-- WHAT IS EXPECTED --
Upon reaching the line that contains "this 1600×1200 image." in the records below, begin repeating every line exactly through the last one, skipping pictures.

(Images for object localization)
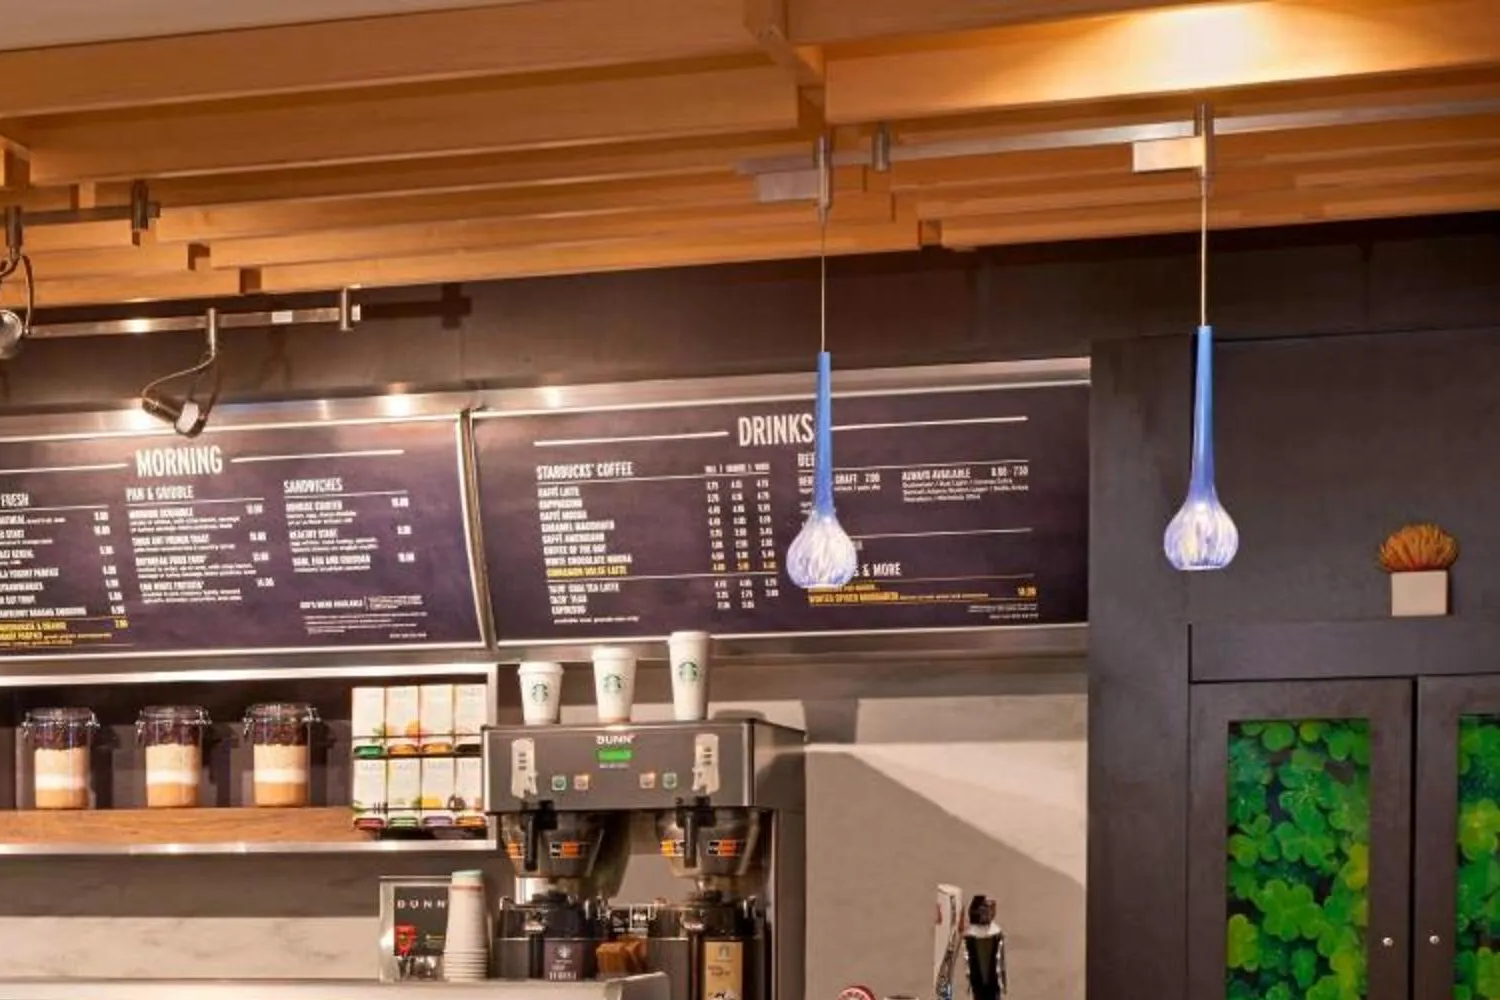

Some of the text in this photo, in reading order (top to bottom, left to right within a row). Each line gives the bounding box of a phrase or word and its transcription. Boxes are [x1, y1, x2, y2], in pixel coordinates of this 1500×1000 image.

[738, 413, 815, 447] DRINKS
[135, 445, 223, 478] MORNING
[597, 461, 634, 477] COFFEE
[283, 478, 343, 493] SANDWICHES
[0, 493, 30, 507] FRESH
[863, 562, 902, 577] & MORE
[596, 735, 633, 746] BUNN
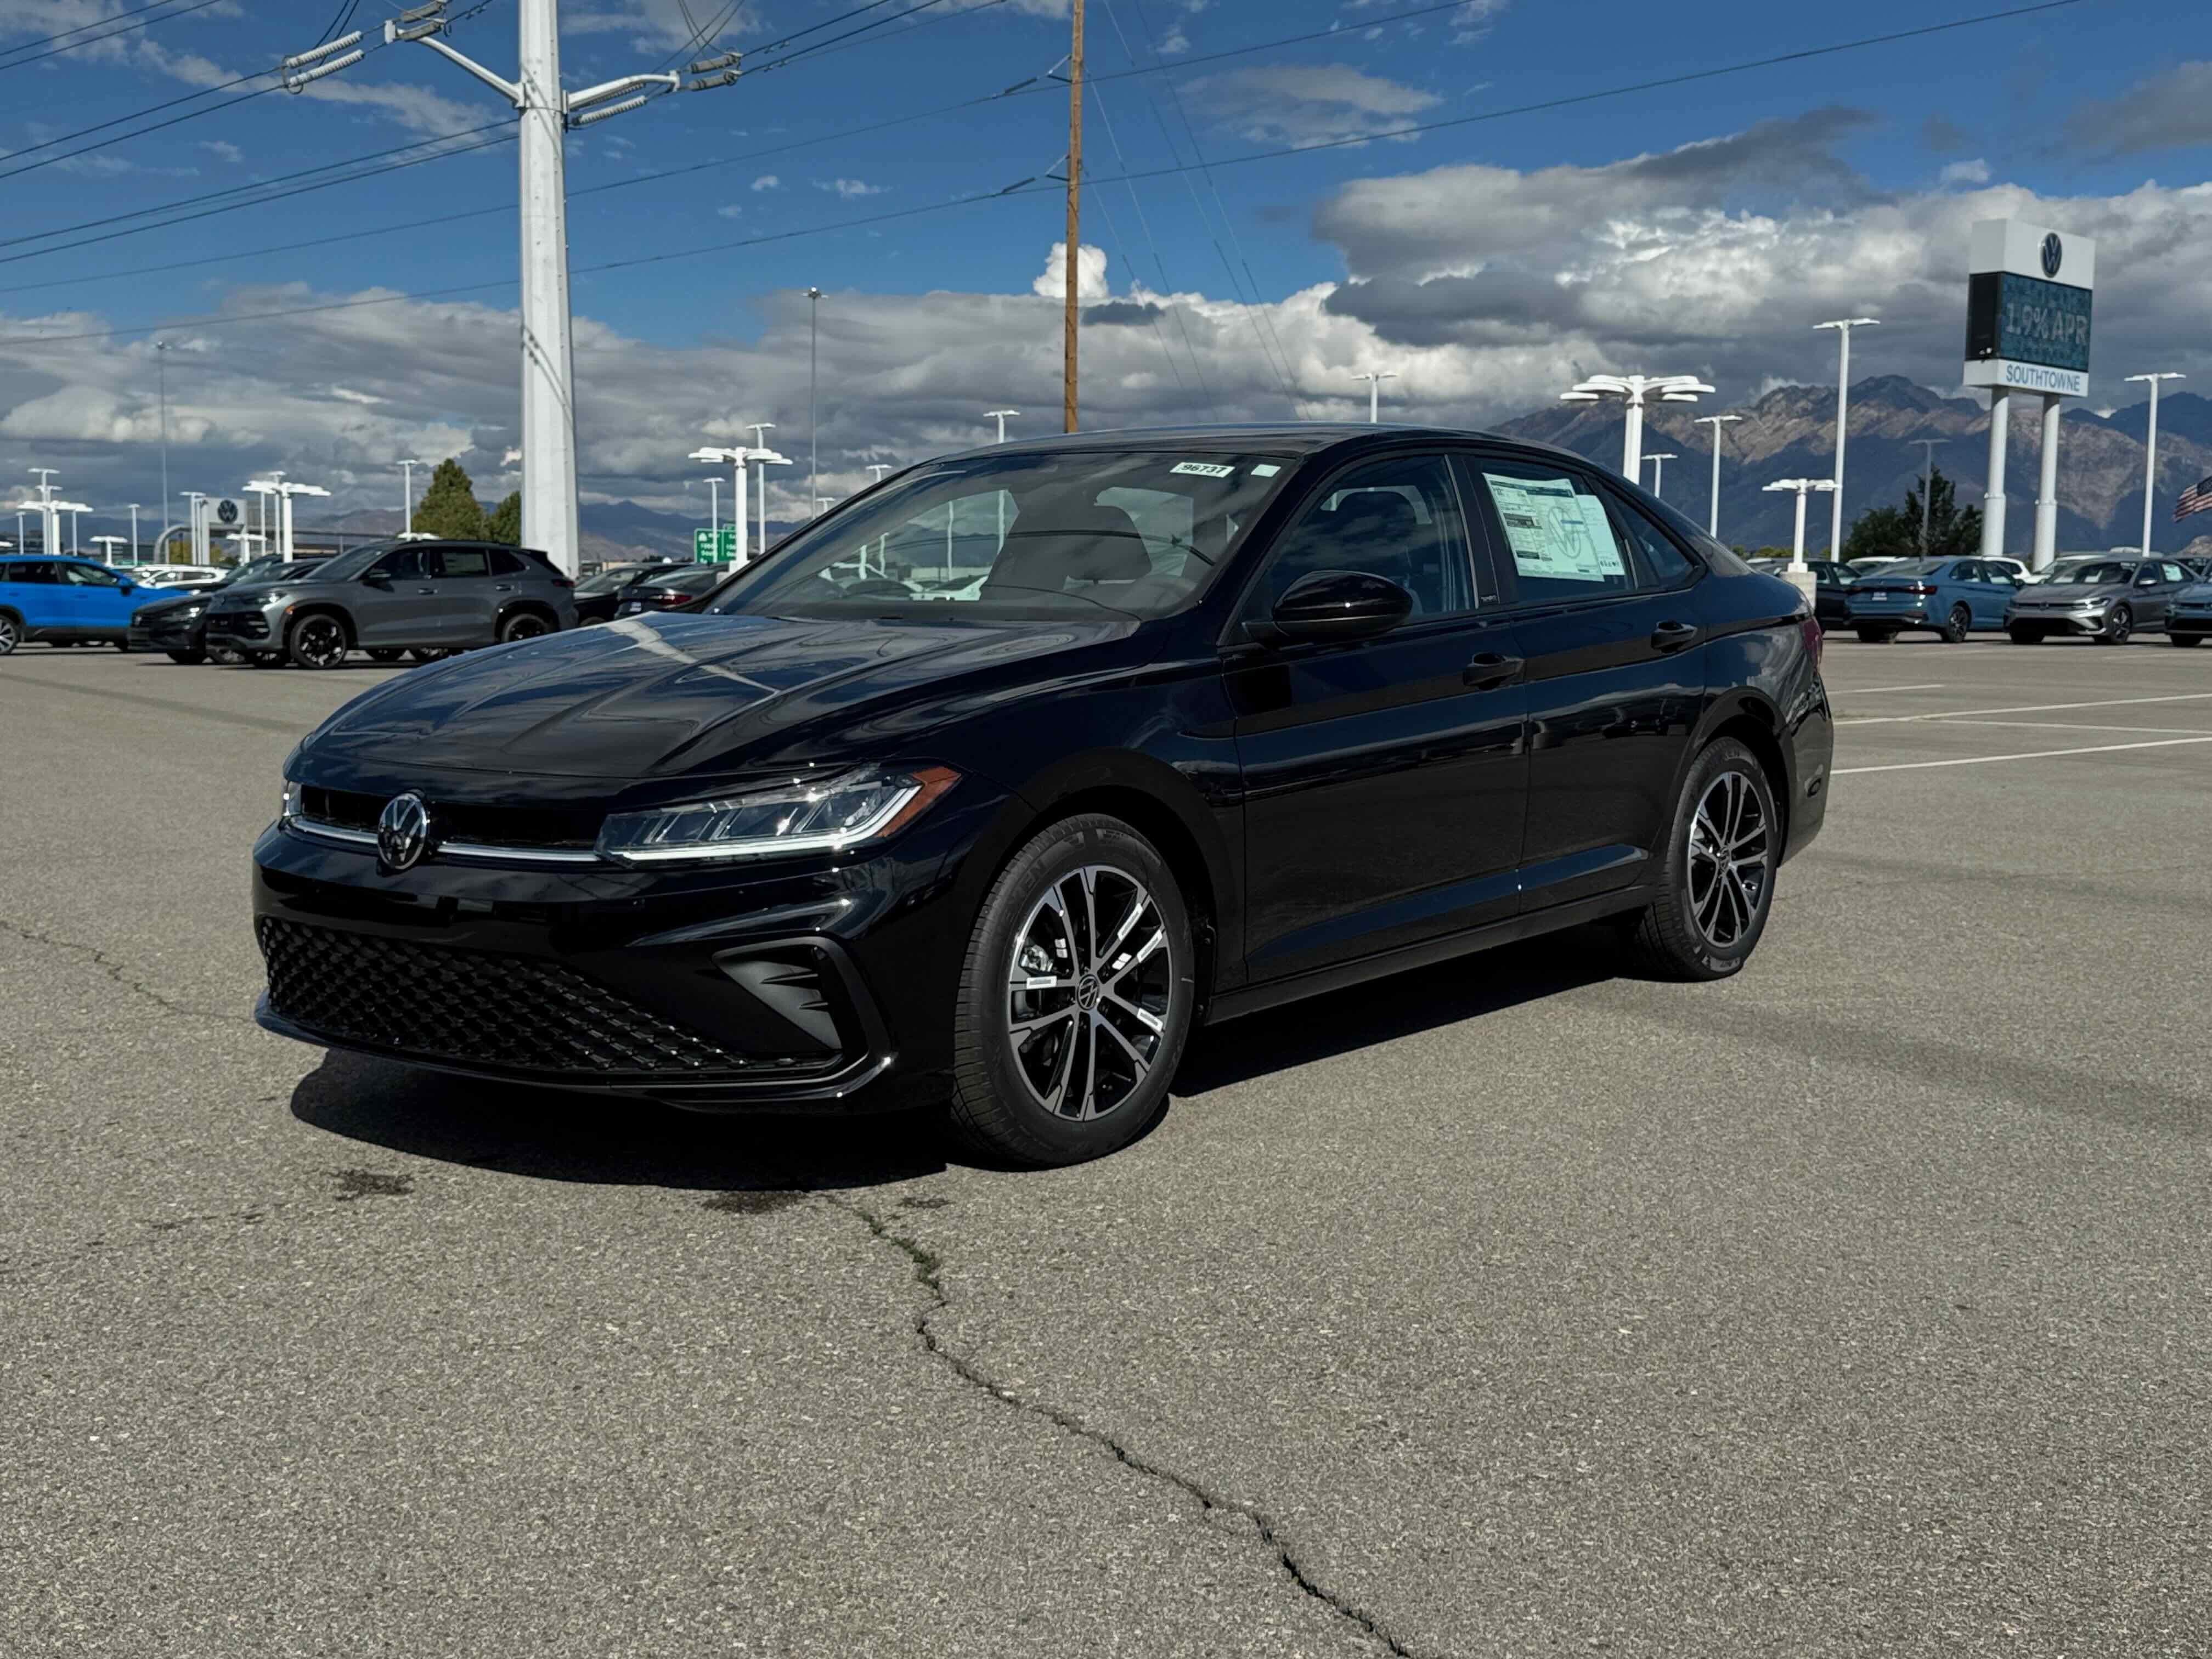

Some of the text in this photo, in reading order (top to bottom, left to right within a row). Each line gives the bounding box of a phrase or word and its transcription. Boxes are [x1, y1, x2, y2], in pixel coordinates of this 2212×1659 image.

[2051, 311, 2088, 346] APR
[2006, 364, 2081, 392] SOUTHTOWNE
[1181, 464, 1227, 473] 96737
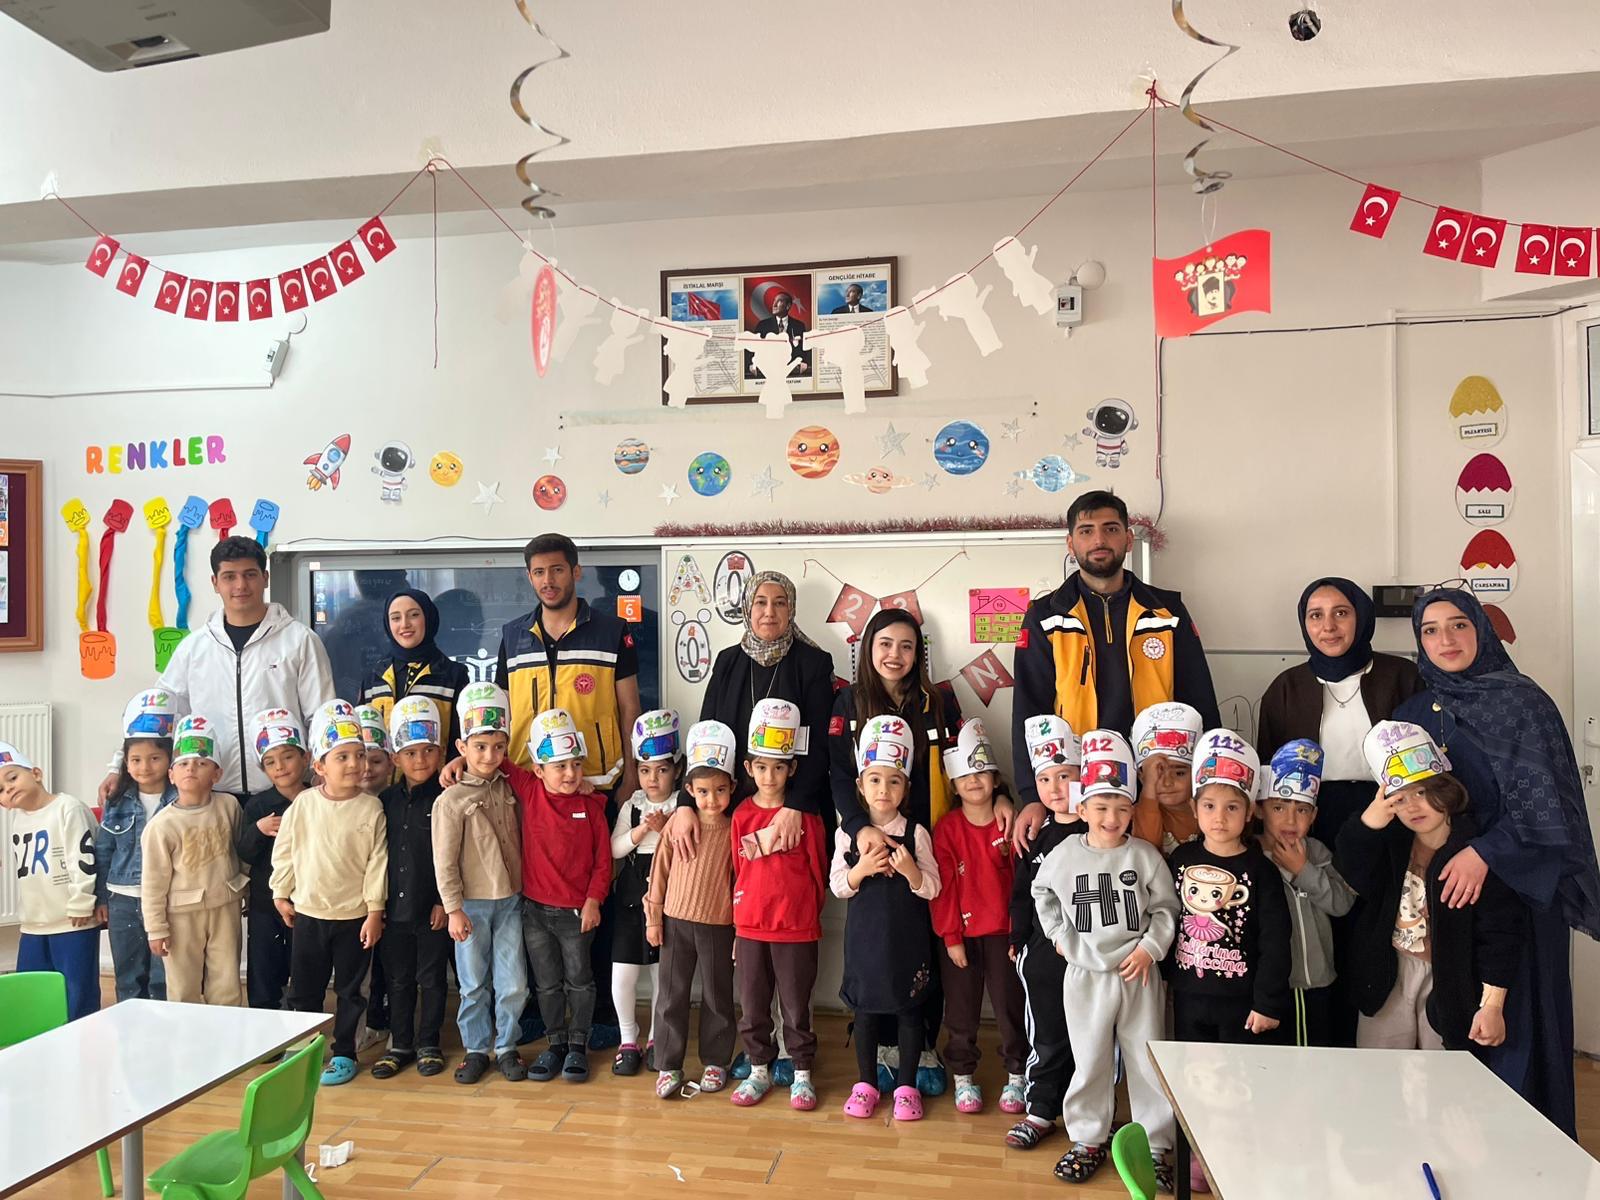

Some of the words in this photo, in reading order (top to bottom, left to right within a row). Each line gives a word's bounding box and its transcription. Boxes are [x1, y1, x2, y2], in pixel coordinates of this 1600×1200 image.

[86, 435, 226, 475] RENKLER
[625, 603, 634, 616] 6
[141, 692, 169, 707] 112
[467, 684, 497, 702] 112
[644, 712, 673, 730] 112
[872, 719, 905, 736] 112
[1208, 734, 1246, 755] 112
[1377, 723, 1420, 748] 112
[1082, 738, 1115, 756] 112
[1071, 869, 1140, 933] Hi
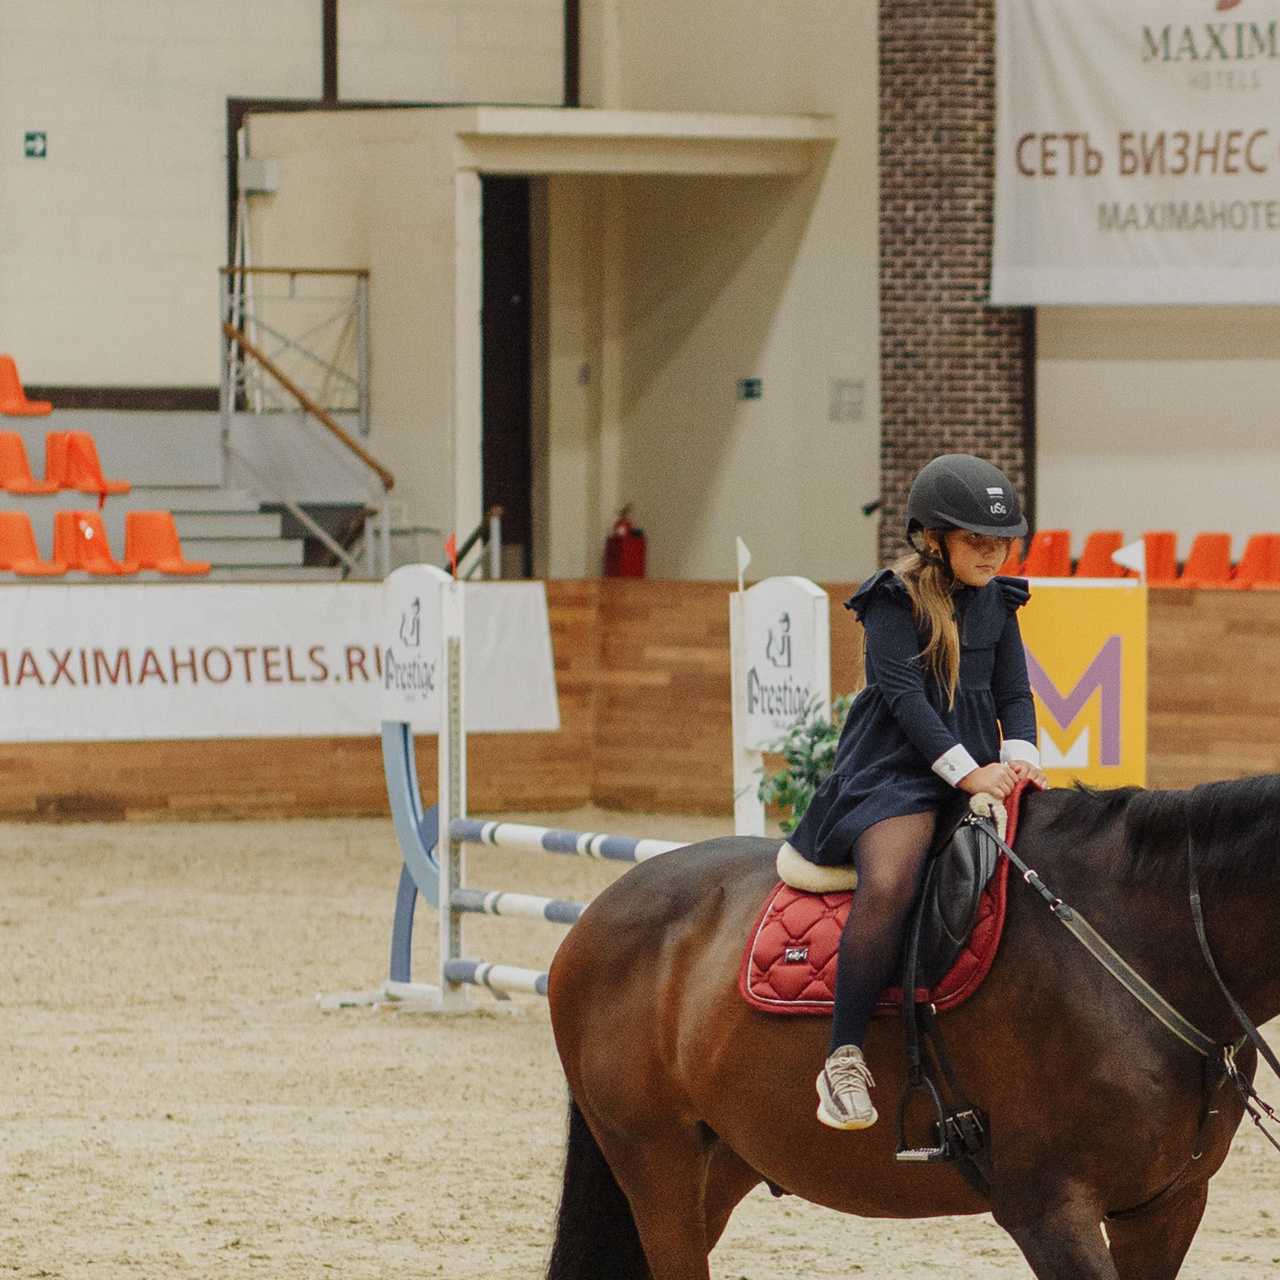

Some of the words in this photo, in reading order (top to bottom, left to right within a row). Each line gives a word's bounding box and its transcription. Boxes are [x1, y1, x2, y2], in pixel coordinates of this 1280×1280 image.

[1015, 133, 1103, 177] СЕТЬ
[1118, 129, 1268, 176] БИЗНЕС
[990, 502, 1007, 515] USG
[384, 646, 438, 699] Prestige

-- RESULT --
Some of the words in this photo, in reading order (top to bottom, left to right within a row). Each line gives a word's bounding box and its transcription. Boxes are [x1, y1, x2, y2], in pixel coordinates of this 1600×1200 image.

[86, 435, 226, 475] RENKLER
[625, 603, 634, 616] 6
[141, 692, 169, 707] 112
[467, 684, 497, 702] 112
[644, 712, 673, 730] 112
[872, 719, 905, 736] 112
[1208, 734, 1246, 755] 112
[1377, 723, 1420, 748] 112
[1082, 738, 1115, 756] 112
[1071, 869, 1140, 933] Hi

Some of the words in this photo, in reading order (top to bottom, left to right within a row). Each line gives a word's bounding box and its transcription. Boxes are [x1, y1, x2, y2], in pixel coordinates of this 1280×1280 image.

[1015, 133, 1103, 177] СЕТЬ
[1118, 129, 1268, 176] БИЗНЕС
[990, 502, 1007, 515] USG
[384, 646, 438, 699] Prestige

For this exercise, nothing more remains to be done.